Ken does have a point; plenty of plumbers, in fact, do HVAC work. But typically, it gets second billing. So you would expect that a contractor who does almost nothing but HVAC work will be the first to remind everyone that it isn’t just a supporting player.
Ken was in his early 20s when an uncle who worked as an estimator for an HVAC contractor suggested the trades as a career. He went on to study at the Northeast Institute of Industrial Technology, got an HVAC job and he’s been at it ever since.
He opened his own shop in 1987 and currently runs three trucks. His crews do some hydronic heating and snowmelt, but the majority is residential and commercial HVAC service and installation. He also specializes in an interesting niche – gas- and water-fired chillers.
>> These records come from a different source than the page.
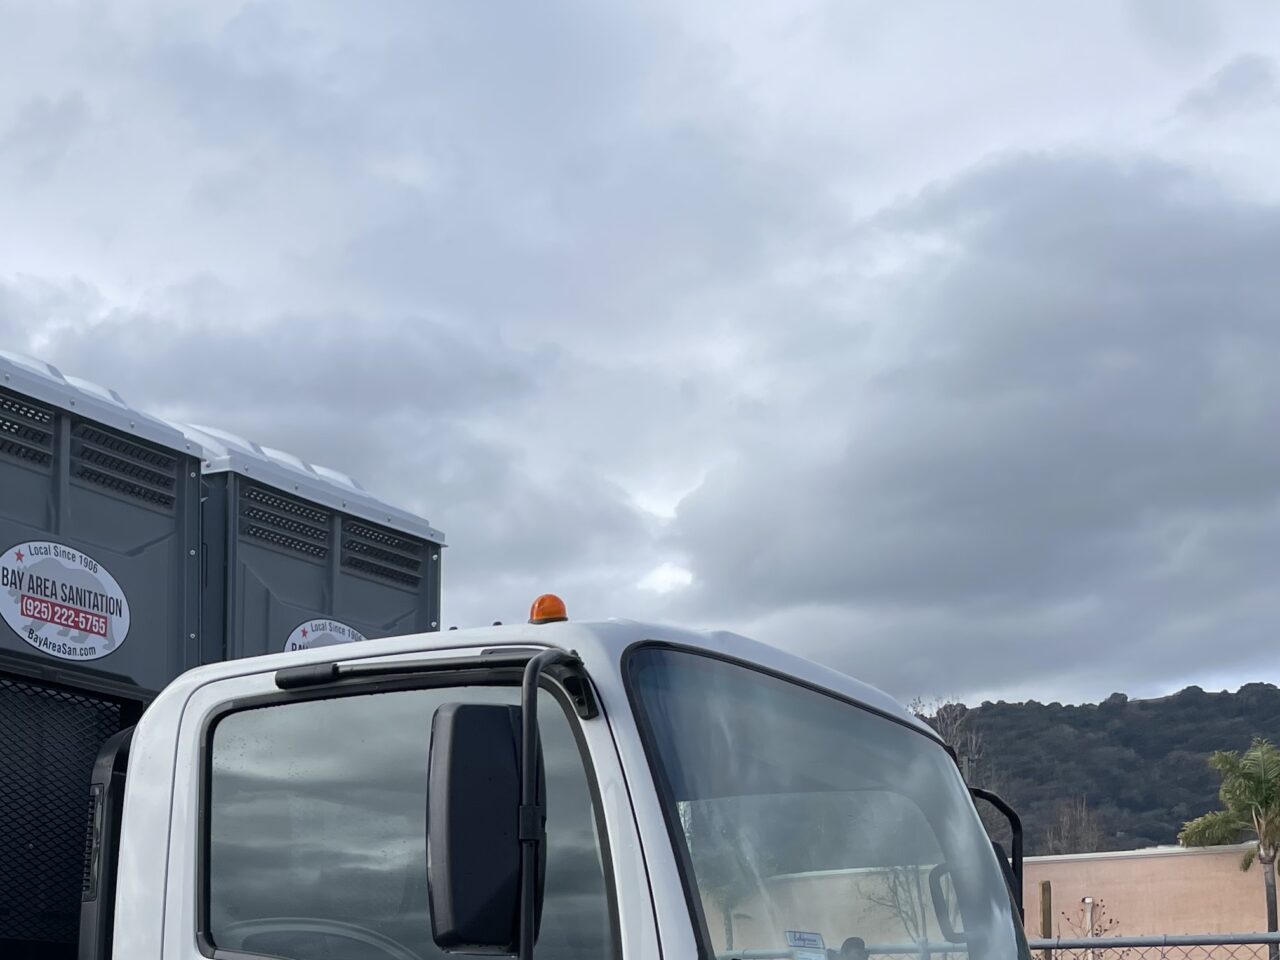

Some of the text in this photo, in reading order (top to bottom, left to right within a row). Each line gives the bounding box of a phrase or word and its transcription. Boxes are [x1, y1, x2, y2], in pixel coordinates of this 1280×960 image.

[28, 544, 98, 574] Local Since 1906
[1, 566, 122, 618] BAY AREA SANITATION
[22, 596, 106, 634] (925) 222-5755
[310, 621, 327, 633] Local
[328, 622, 346, 636] Since
[27, 628, 96, 656] BayAreaSan.com
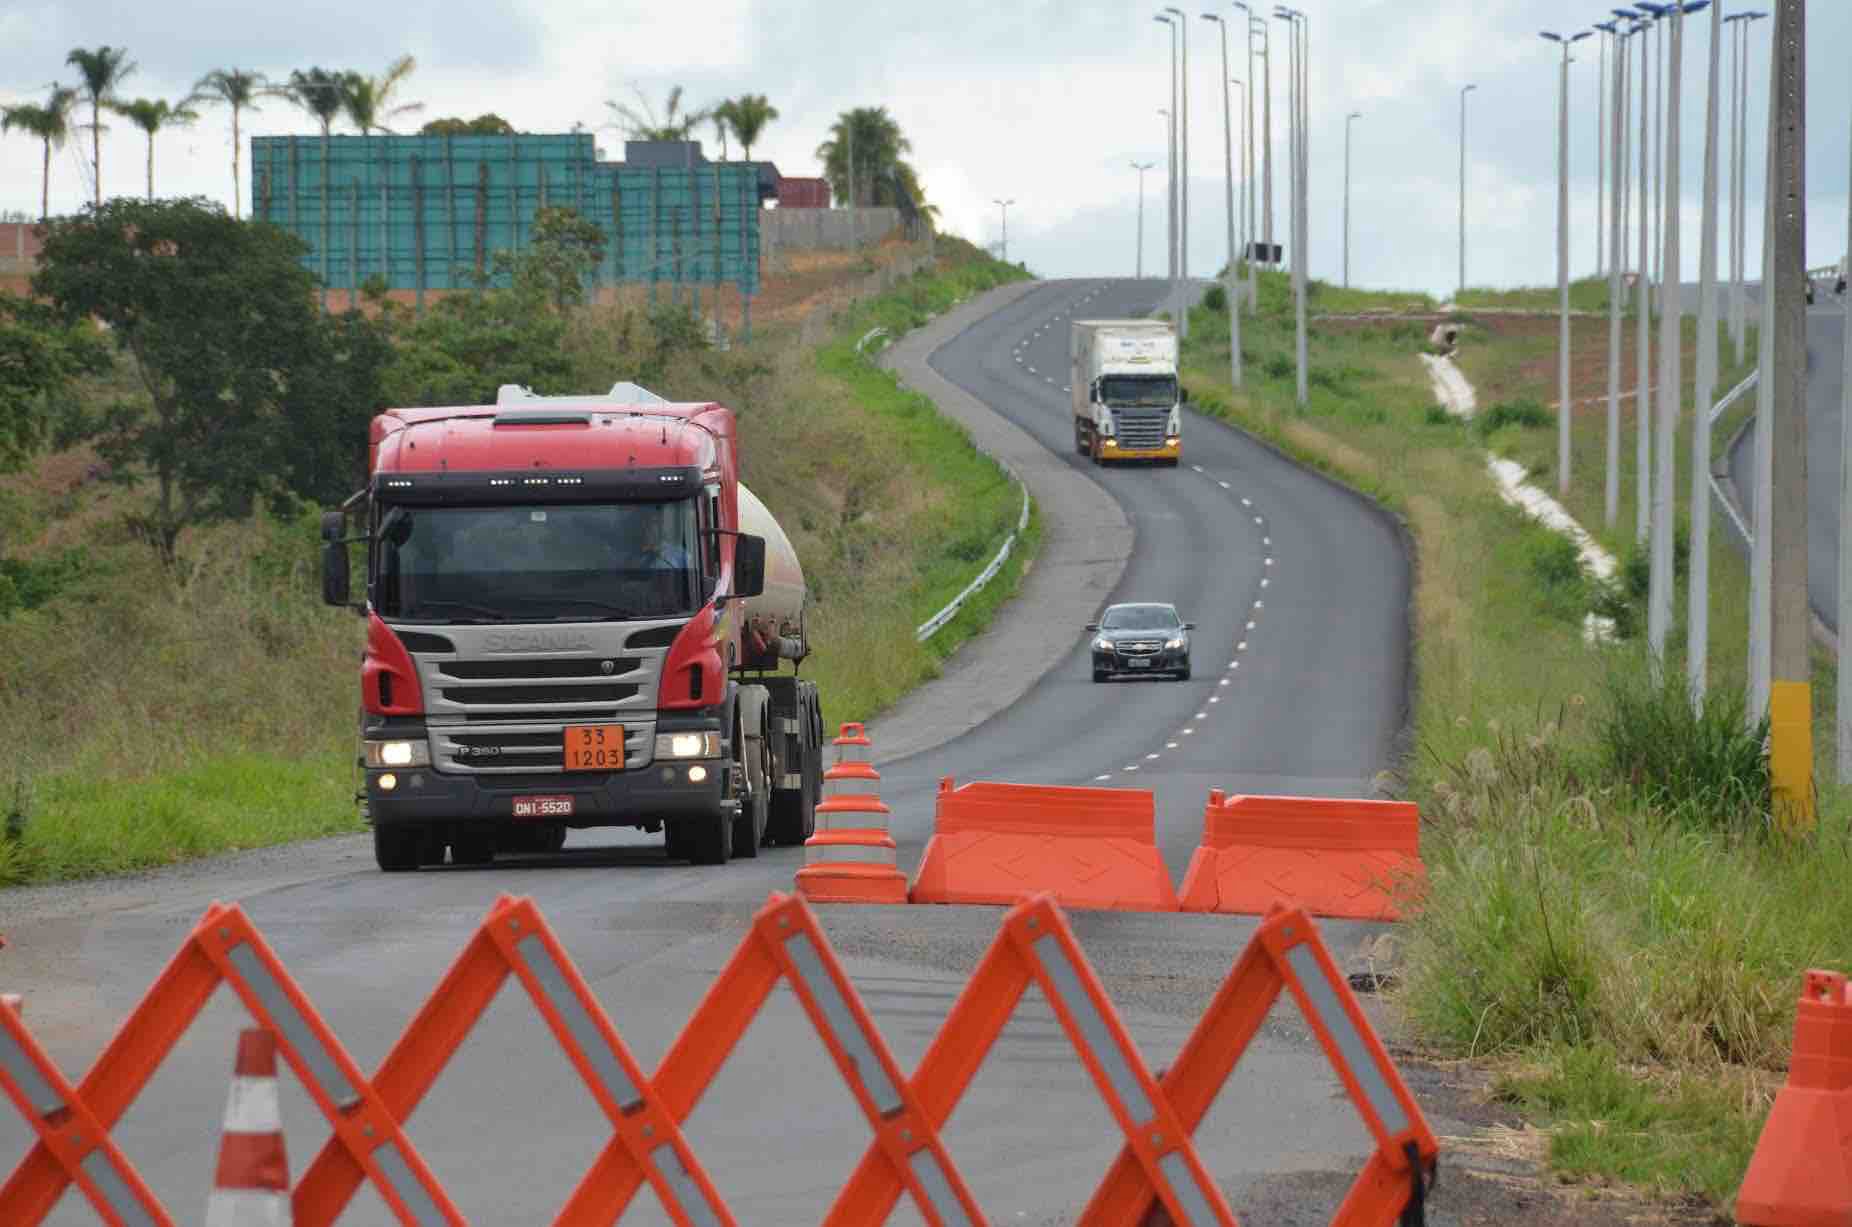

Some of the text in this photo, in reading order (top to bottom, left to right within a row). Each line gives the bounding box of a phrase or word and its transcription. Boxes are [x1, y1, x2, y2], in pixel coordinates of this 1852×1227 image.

[482, 631, 592, 649] SCANIA
[583, 727, 605, 745] 33
[573, 749, 618, 766] 1203
“Well, one of the companies I first started working with was a Bryant dealer, and at the time Bryant had gas ammonia chillers,” he explains. “And it’s something I continued to work on as I took another job. Finally, when I went into business for myself, I needed some parts and I got friendly with the rep with New England, and he gave my name to everybody who had a chiller.”
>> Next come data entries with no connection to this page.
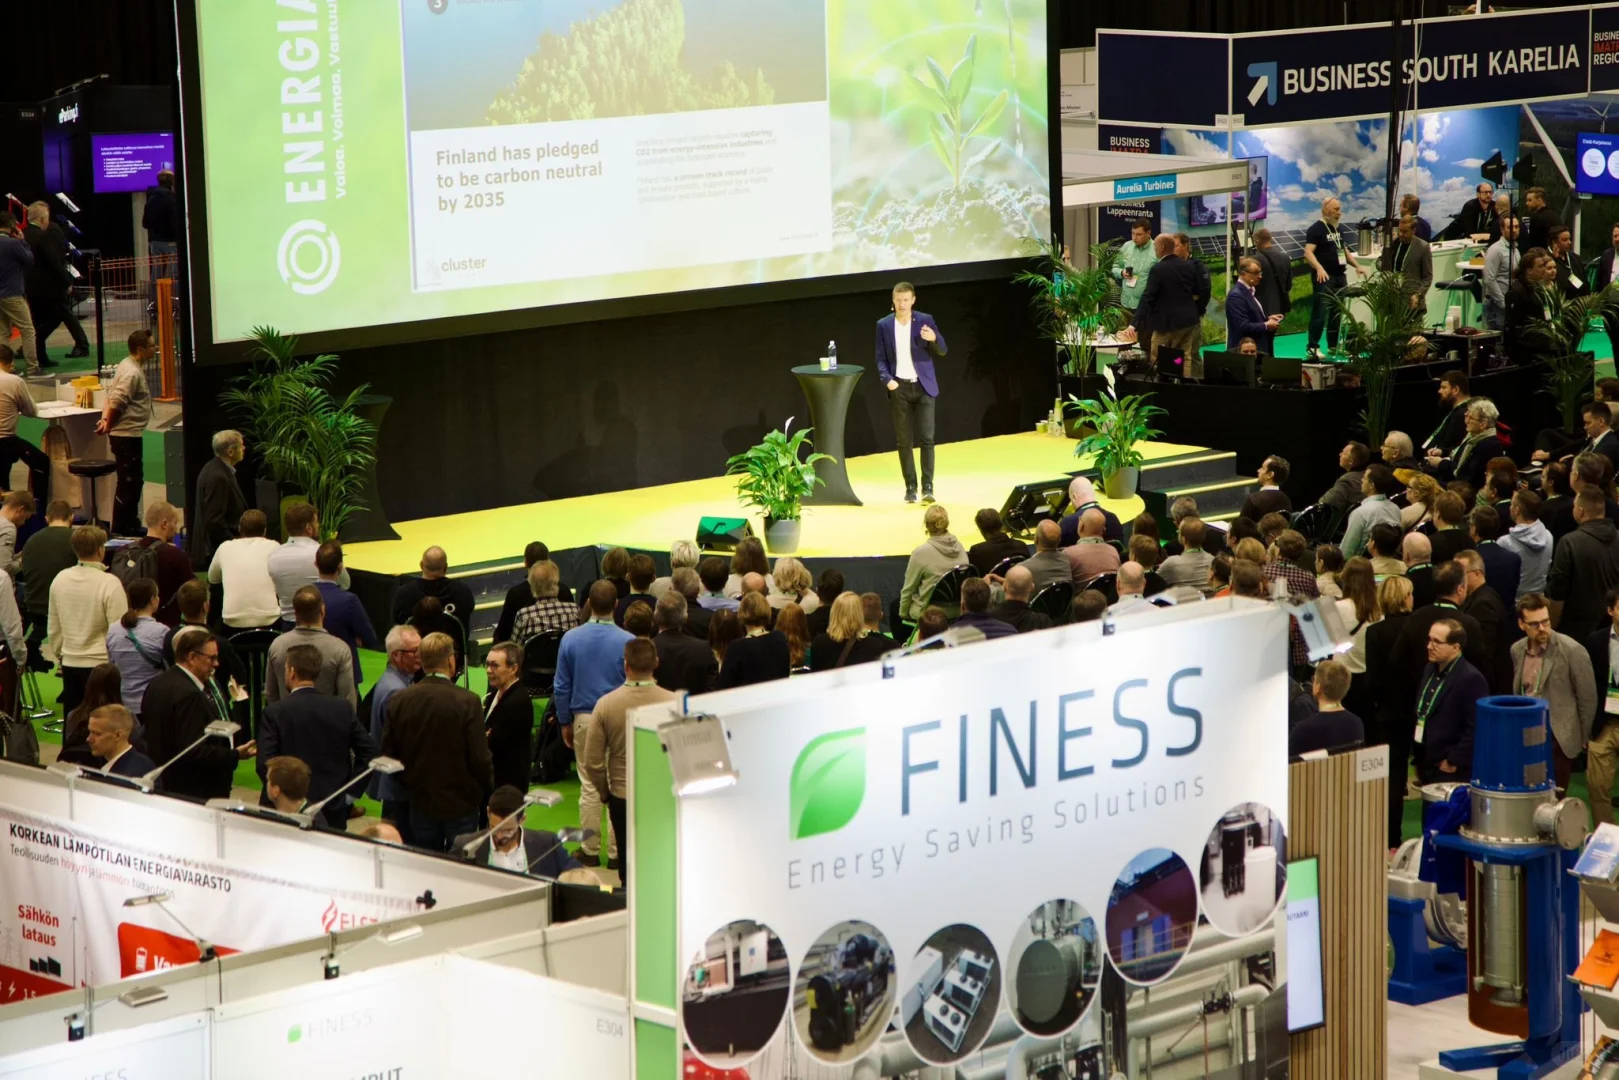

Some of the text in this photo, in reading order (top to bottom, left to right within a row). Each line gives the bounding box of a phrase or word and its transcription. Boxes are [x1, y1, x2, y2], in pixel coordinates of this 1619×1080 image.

[1284, 43, 1580, 95] BUSINESS SOUTH KARELIA
[436, 139, 599, 166] Finland has pledged
[1110, 136, 1150, 148] BUSINESS
[436, 161, 602, 189] to be carbon neutral
[1116, 179, 1175, 195] Aurelia Turbines
[437, 191, 505, 214] by 2035
[1107, 206, 1154, 217] Lappeenranta
[441, 257, 486, 272] cluster
[900, 666, 1204, 816] FINESS
[1361, 757, 1384, 772] E304
[788, 774, 1205, 889] Energy Saving Solutions
[10, 823, 60, 849] KORKEAN
[133, 857, 231, 893] ENERGIAVARASTO
[18, 904, 59, 928] Sähkön
[22, 923, 57, 947] lataus
[308, 1006, 373, 1038] FINESS
[596, 1018, 623, 1037] E304
Which is as good as any way to get your name known.
Ken first got involved in the PHCC around 20 years ago after he and his son attended a Massachusetts trade show event. Ken started volunteering at the state trade show and eventually became the chairman of the trade show committee. Later, he was asked to run for national office, which is how he will be sworn in on Oct. 12 as the new president during PHCC CONNECT 2018.
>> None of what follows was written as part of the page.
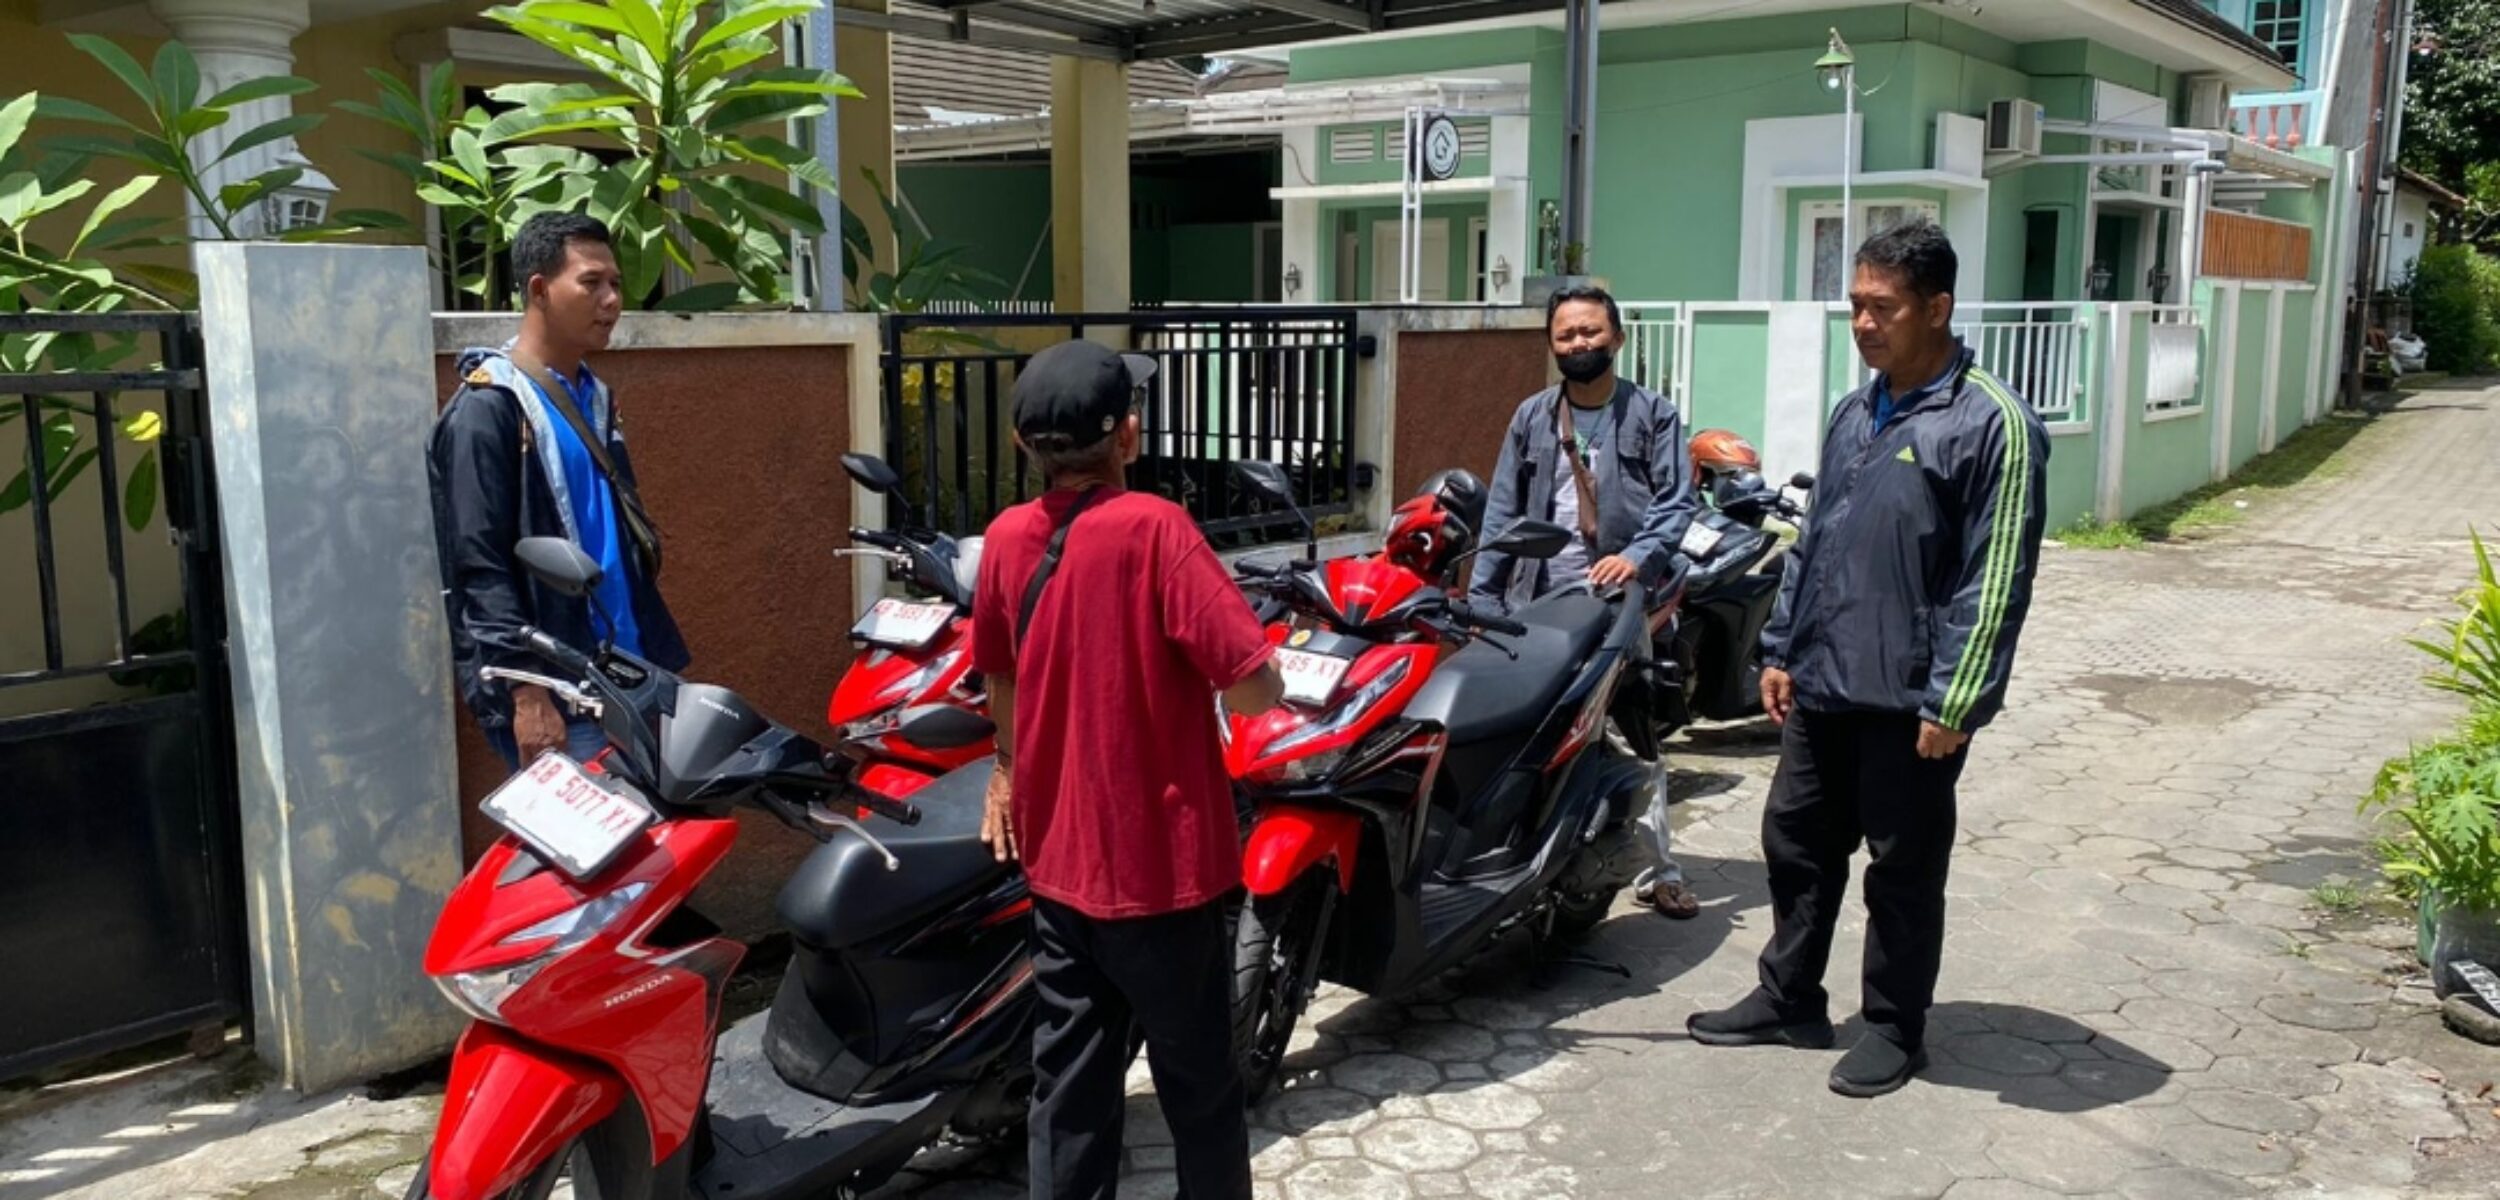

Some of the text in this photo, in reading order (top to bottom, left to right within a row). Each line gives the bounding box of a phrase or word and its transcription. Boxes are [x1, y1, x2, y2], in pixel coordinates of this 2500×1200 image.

[698, 695, 740, 720] HONDA
[527, 756, 564, 785] AB
[555, 775, 610, 817] 5077
[603, 974, 673, 1009] HONDA
We had the opportunity to talk to Ken and get an idea of what his plans are for his coming term.
What do you consider the biggest challenge for the industry at this time, and what are your thoughts on addressing it?
Everybody’s talking about the work force shortage, and addressing that issue has to start at the schools and with parents. We can’t just keep pushing kids to go to college because some of those kids just don’t want to go to college. I think we have to give them the other option of going to a vocational school or technical college and learning a trade. Whatever the trade might be, there’s a big demand for all those jobs.
Do you see a change in attitude toward kids enrolling in a trade as opposed to seemingly only being expected to attend a four-year college?
I’d like to say, yes. I'm a skills judge, so I am exposed to a lot of young people as I judge the HVAC students in vocational schools throughout Massachusetts. There are around 20 schools involved. Last May I had conversations with two girls from the local vocational school and neither one of them was going to stay in the trades!
As it turned out, one of the girls wanted to be a mechanical engineer and the other girl also wanted to be an engineer. One said she would be the first person in her family who would go to college. You really can't say anything bad about that, can you?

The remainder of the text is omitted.